Em busca da espiritualidade perdida

(publicado em 18/12/1999)

MARCELO COELHO
do Conselho Editorial

"Padres de um culto estrangeiro, vindo da Síria e da Palestina, cuidaram de me educar. Esses padres eram sábios e santos. Ensinaram-me as longas histórias de Cronos, que criou o mundo, e de seu filho, que fez (...) uma viagem pela terra."

É assim que Ernest Renan (1823-1892), ex-seminarista, inicia sua "oração diante da Acrópole", onde celebra o milagre da Razão e as luzes da Grécia, em contraponto à fantasia gótica do catolicismo, pela qual manifesta ternura e desencanto.

Carlos Heitor Cony não sofre das melancolias de Renan; é carioca, não nasceu "nas margens de um mar sombrio, eriçado de rochedos, sempre batido pelas tempestades, onde o sol mal se conhece, e as flores são os musgos marinhos, as algas e conchas coloridas que se encontram no fundo das baías solitárias", como declama o escritor bretão.

A melancolia romântica está, em geral, ausente das páginas de Cony; quando aparece, é mais na forma do mau humor. De certo modo, é como se a melancolia, o tédio, a tristeza mesmo, que o acometem de vez em quando, tivessem de ser exorcizadas. Os teólogos falam de um "demônio do meio-dia", que impõe, sob o sol a pino, em suas vítimas a sensação de que nada faz sentido.

Esta sensação está presente nas crônicas de Carlos Heitor Cony; é raro, entretanto, que Cony se deixe impregnar por ela.
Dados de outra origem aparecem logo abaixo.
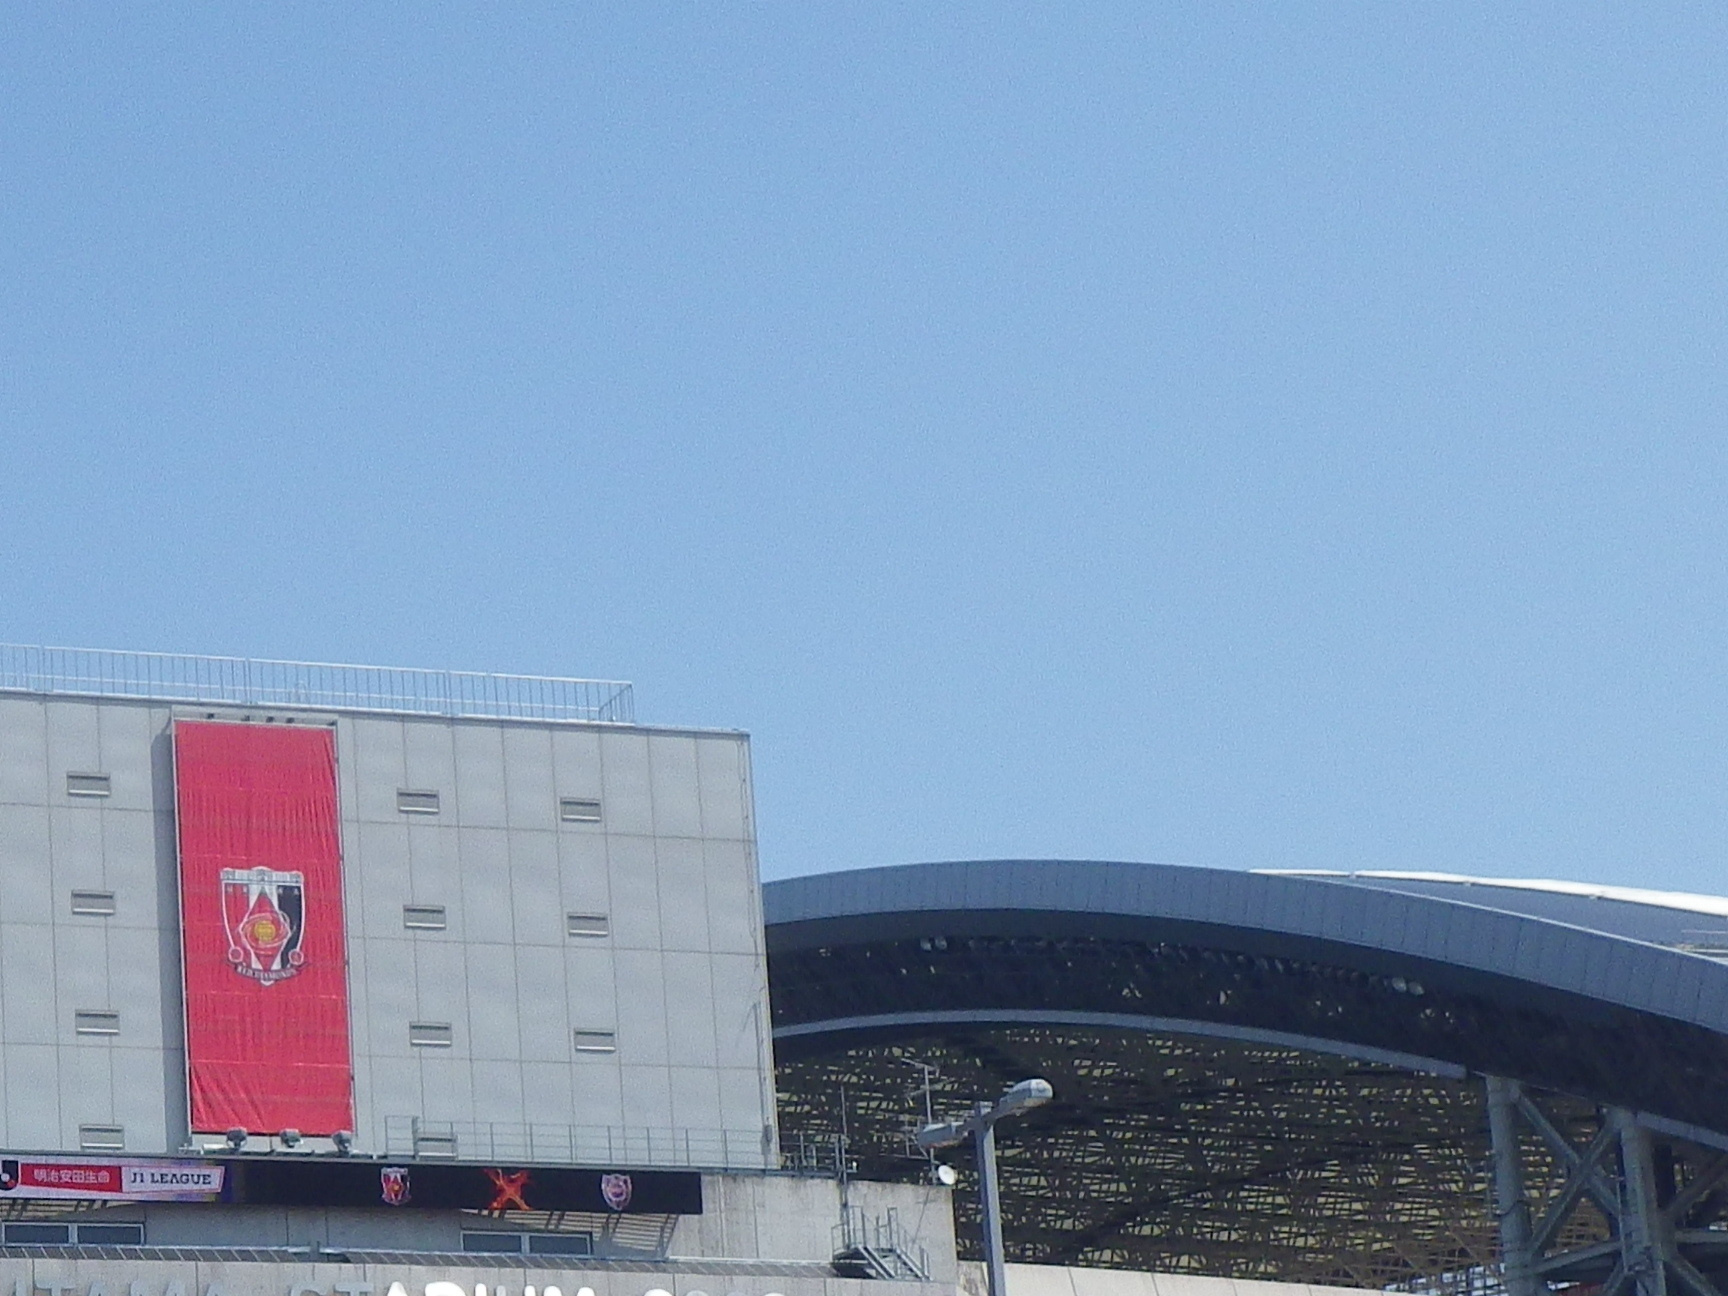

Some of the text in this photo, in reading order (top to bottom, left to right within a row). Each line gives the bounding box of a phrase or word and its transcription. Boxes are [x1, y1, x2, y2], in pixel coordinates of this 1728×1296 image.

[34, 1168, 110, 1184] 明治安田生命
[131, 1172, 212, 1185] J1 LEAGUE
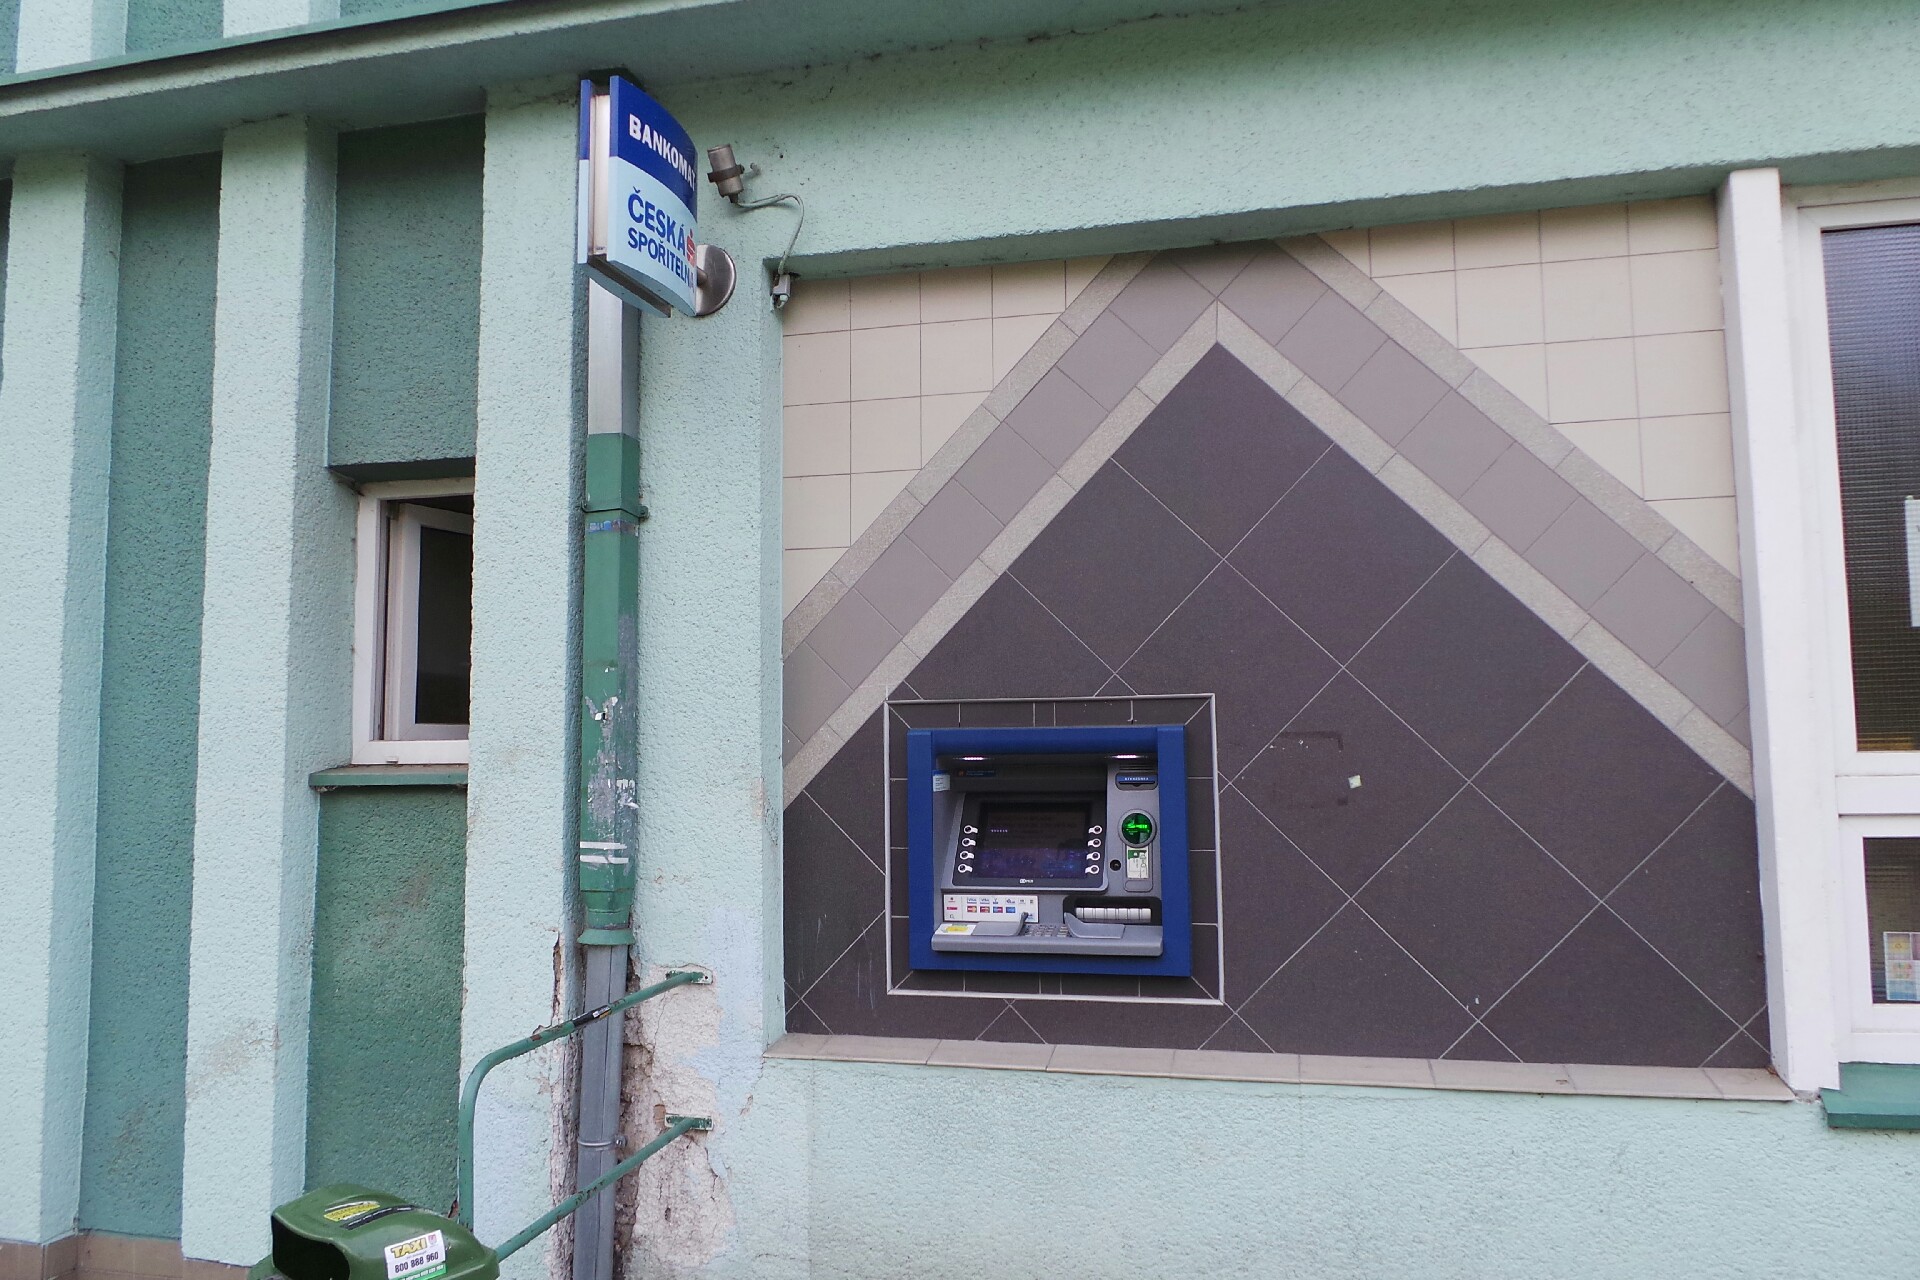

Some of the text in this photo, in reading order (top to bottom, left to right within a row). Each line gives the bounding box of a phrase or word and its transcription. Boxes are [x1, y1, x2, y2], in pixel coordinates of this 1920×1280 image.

[628, 113, 695, 191] BANKOMAT
[627, 186, 686, 256] ČESKÁ
[391, 1238, 427, 1258] TAXI
[394, 1261, 409, 1273] 800
[410, 1256, 424, 1268] 888
[426, 1251, 439, 1262] 960
Ou surge a reação brusca, mal-humorada, como se o autor estivesse com raiva do sentimento que tem, ou, então, o absurdo, o sem-sentido, se transfigura em celebração.
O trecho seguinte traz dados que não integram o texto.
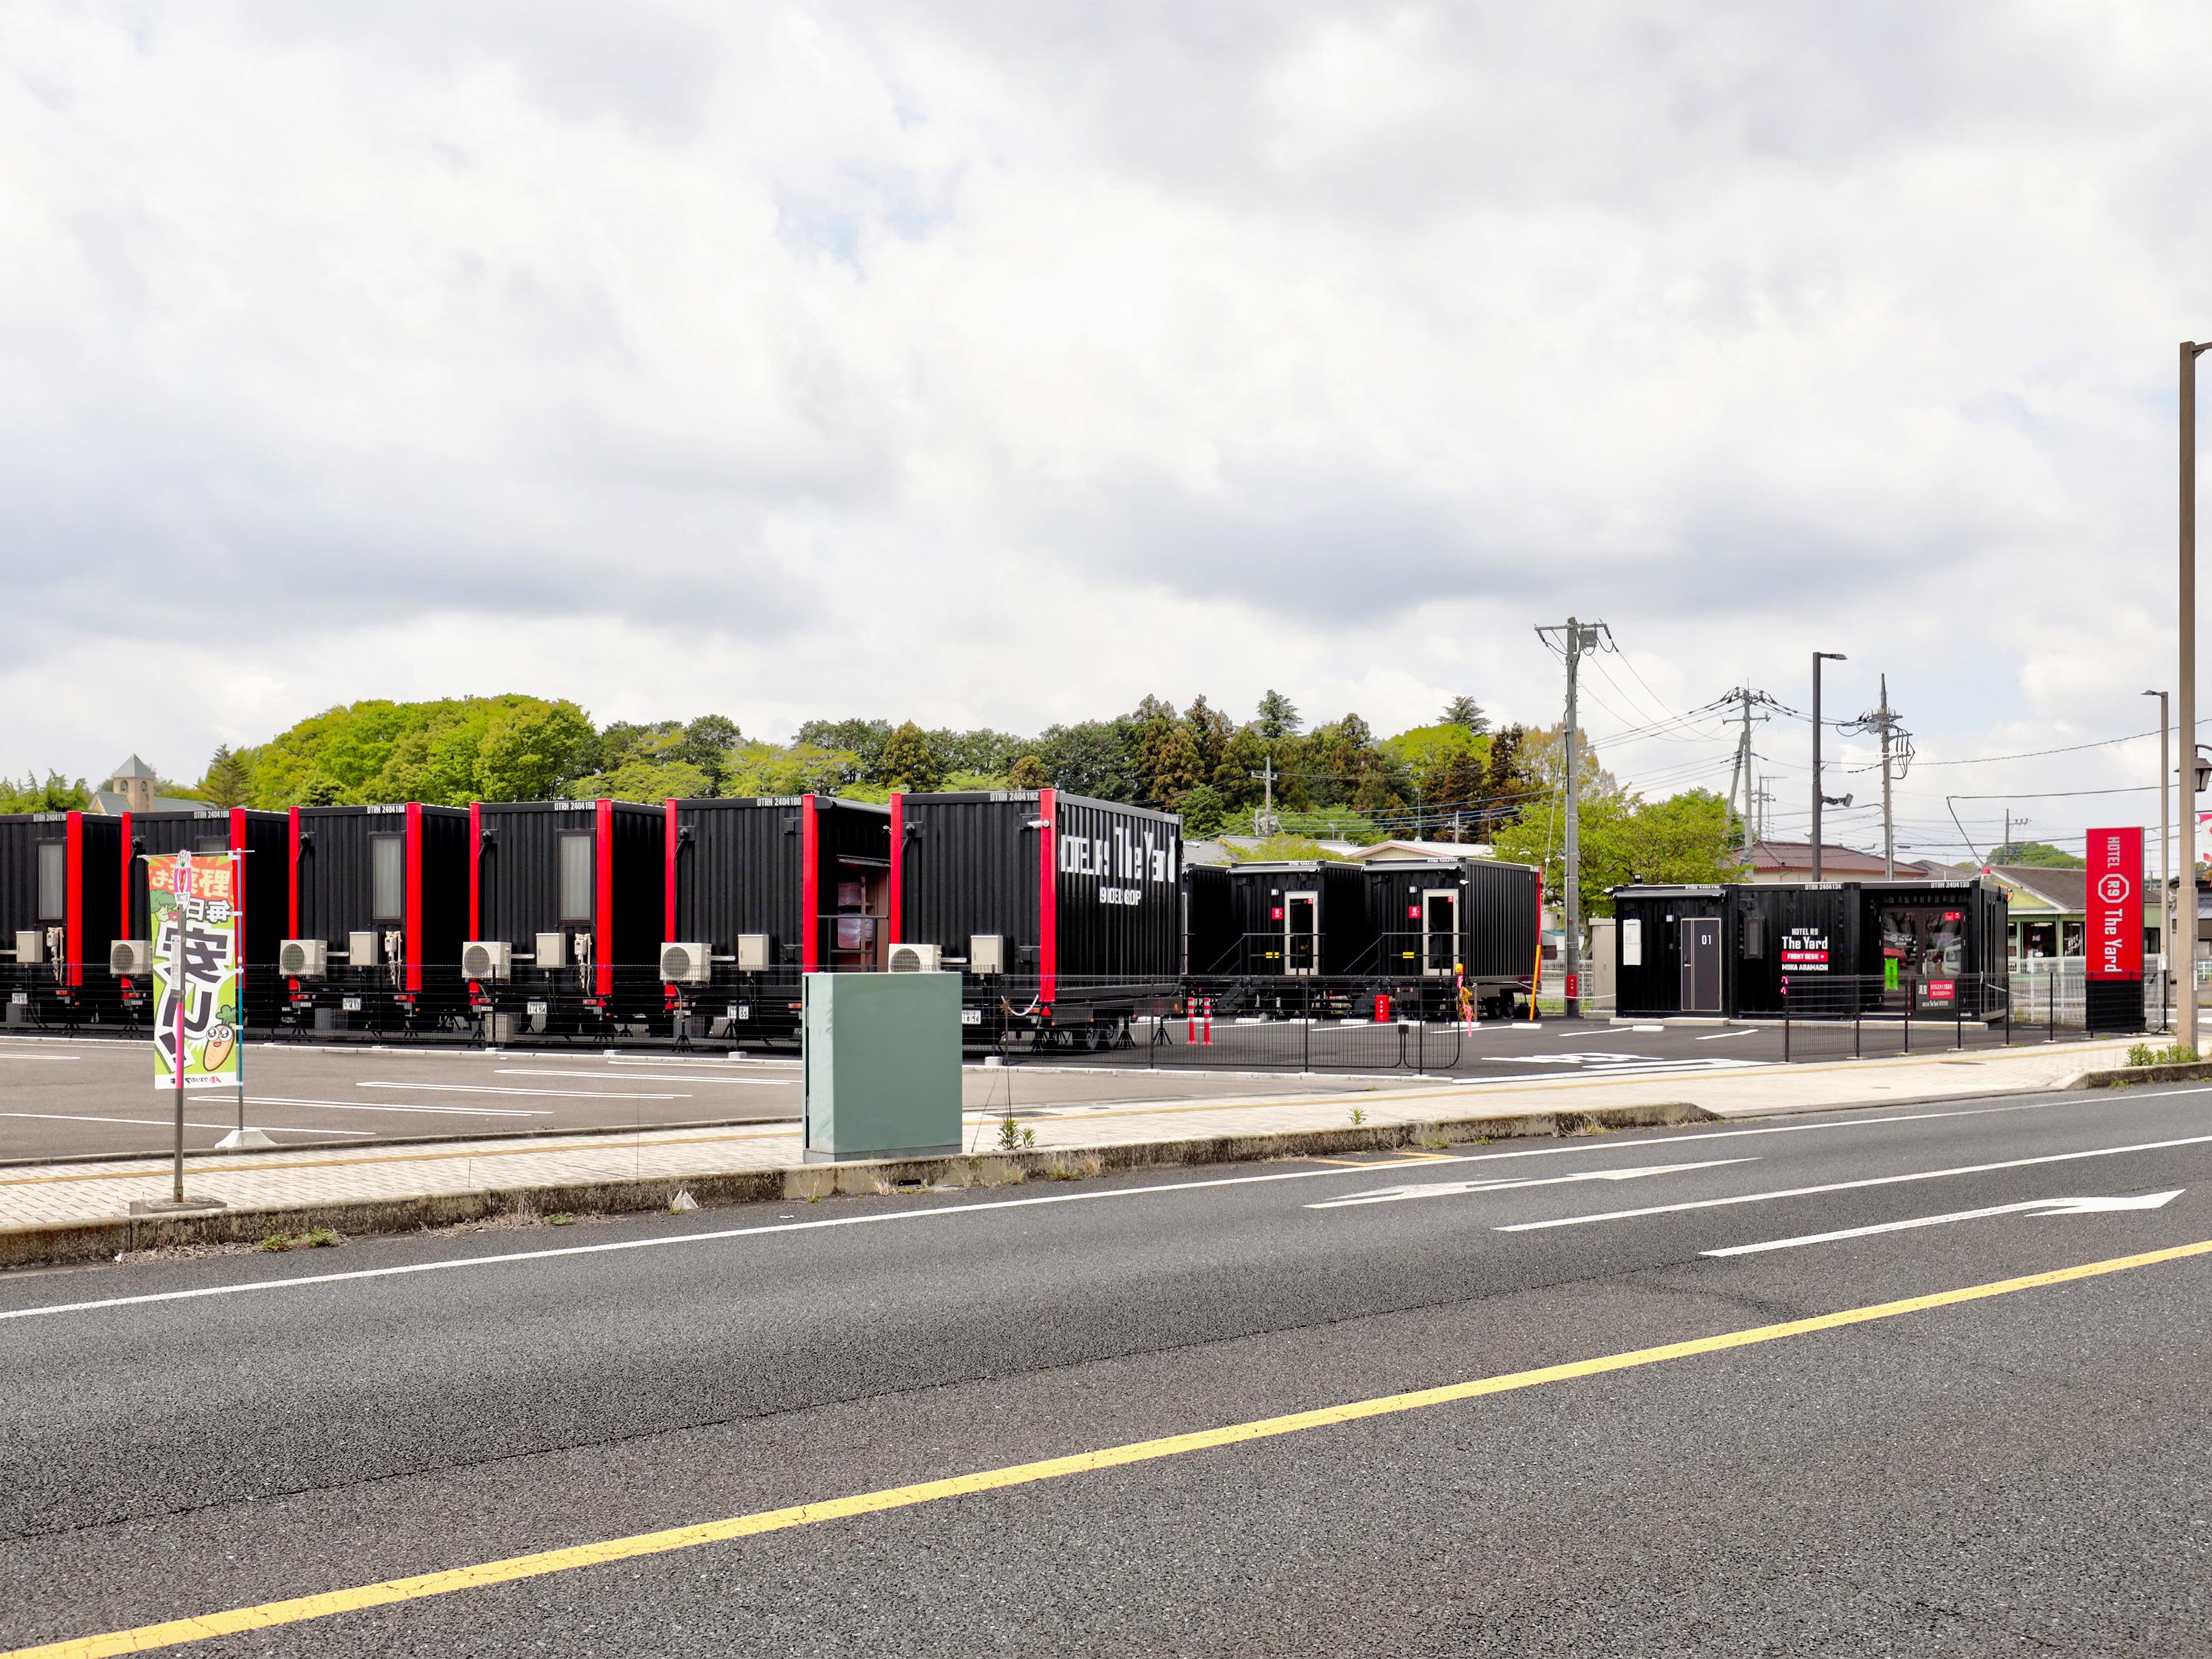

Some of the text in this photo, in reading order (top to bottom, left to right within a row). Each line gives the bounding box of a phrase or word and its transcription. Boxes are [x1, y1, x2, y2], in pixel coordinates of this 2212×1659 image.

[1115, 826, 1142, 879] The
[1144, 831, 1176, 883] Yard
[2107, 836, 2121, 869] HOTEL
[2107, 880, 2121, 896] R9
[1701, 935, 1711, 945] 01
[1782, 936, 1828, 949] The Yard
[2104, 908, 2123, 972] The Yard
É nisto que este autor brasileiríssimo tem muito, a meu ver, de Renan: não apenas pela biografia (foi seminarista, largou a batina, "Informação ao Crucificado" nos conta como), mas principalmente pelo que poderíamos chamar de senso do milagre; milagre ateu, milagre material, milagre feito de arbítrio e carne, mas milagre; milagre de uma literatura, sobretudo, que na coleção de crônicas intitulada, com certa derrisão, "O Harém das Bananeiras", manifesta-se em toda página.

Pode parecer cupinchagem; paciência. Mas este "O Harém das Bananeiras" é uma maravilha.

Nos encontros que tive com Cony, sempre me surpreendeu o arbítrio, o tom quase louco de seu senso de humor. Contou-me, por exemplo, das sessões de cinema que havia no seminário. Em geral, passavam filmes de Charles Chaplin. Mas uma vez, por engano, foi apresentado "O Gabinete do Dr. Calligari", obra de horror, em que o padre responsável pela projeção confundiu os diversos rolos da fita, tornando ainda mais confusa uma história que já era das mais confusas.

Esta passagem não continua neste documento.